*Dataset items*.

--- START ---

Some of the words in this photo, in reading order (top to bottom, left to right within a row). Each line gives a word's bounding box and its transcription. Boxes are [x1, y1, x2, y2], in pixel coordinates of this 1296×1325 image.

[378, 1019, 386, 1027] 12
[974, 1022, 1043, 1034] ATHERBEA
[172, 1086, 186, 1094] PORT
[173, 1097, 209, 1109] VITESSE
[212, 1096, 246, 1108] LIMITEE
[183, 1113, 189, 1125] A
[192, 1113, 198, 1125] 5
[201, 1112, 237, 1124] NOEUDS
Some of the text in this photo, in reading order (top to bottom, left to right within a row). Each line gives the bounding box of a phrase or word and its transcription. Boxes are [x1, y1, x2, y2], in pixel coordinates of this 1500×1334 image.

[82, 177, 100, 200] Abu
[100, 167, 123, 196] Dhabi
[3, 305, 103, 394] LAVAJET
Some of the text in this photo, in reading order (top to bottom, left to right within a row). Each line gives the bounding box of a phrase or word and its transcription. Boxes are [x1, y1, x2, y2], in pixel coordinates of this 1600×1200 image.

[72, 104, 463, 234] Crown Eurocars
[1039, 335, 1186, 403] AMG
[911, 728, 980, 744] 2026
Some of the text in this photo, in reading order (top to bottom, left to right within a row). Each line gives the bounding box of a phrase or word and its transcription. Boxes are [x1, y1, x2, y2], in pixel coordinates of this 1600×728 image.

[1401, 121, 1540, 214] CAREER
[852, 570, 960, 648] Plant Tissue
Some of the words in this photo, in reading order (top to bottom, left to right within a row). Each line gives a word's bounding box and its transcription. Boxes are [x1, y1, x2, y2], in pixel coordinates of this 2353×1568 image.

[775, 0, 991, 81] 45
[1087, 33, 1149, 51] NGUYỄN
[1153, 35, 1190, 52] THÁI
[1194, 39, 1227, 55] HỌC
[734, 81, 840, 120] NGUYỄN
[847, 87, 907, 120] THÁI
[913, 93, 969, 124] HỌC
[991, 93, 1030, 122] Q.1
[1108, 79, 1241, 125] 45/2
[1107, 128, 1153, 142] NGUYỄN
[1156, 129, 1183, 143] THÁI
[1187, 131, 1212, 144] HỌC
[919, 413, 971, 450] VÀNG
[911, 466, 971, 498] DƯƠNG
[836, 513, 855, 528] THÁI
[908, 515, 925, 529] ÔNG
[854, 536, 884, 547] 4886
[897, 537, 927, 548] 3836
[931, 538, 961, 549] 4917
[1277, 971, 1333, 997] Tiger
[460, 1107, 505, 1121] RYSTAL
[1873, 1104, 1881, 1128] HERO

--- END ---

*WORK ORDER*.
Reproduce verbatim the stretch of lines beginning with the one containing "this 1600×728 image." and ending at the close of the entries above.

*REPLY*.
Some of the text in this photo, in reading order (top to bottom, left to right within a row). Each line gives the bounding box of a phrase or word and its transcription. Boxes are [x1, y1, x2, y2], in pixel coordinates of this 1600×728 image.

[1401, 121, 1540, 214] CAREER
[852, 570, 960, 648] Plant Tissue
Some of the words in this photo, in reading order (top to bottom, left to right within a row). Each line gives a word's bounding box and its transcription. Boxes are [x1, y1, x2, y2], in pixel coordinates of this 2353×1568 image.

[775, 0, 991, 81] 45
[1087, 33, 1149, 51] NGUYỄN
[1153, 35, 1190, 52] THÁI
[1194, 39, 1227, 55] HỌC
[734, 81, 840, 120] NGUYỄN
[847, 87, 907, 120] THÁI
[913, 93, 969, 124] HỌC
[991, 93, 1030, 122] Q.1
[1108, 79, 1241, 125] 45/2
[1107, 128, 1153, 142] NGUYỄN
[1156, 129, 1183, 143] THÁI
[1187, 131, 1212, 144] HỌC
[919, 413, 971, 450] VÀNG
[911, 466, 971, 498] DƯƠNG
[836, 513, 855, 528] THÁI
[908, 515, 925, 529] ÔNG
[854, 536, 884, 547] 4886
[897, 537, 927, 548] 3836
[931, 538, 961, 549] 4917
[1277, 971, 1333, 997] Tiger
[460, 1107, 505, 1121] RYSTAL
[1873, 1104, 1881, 1128] HERO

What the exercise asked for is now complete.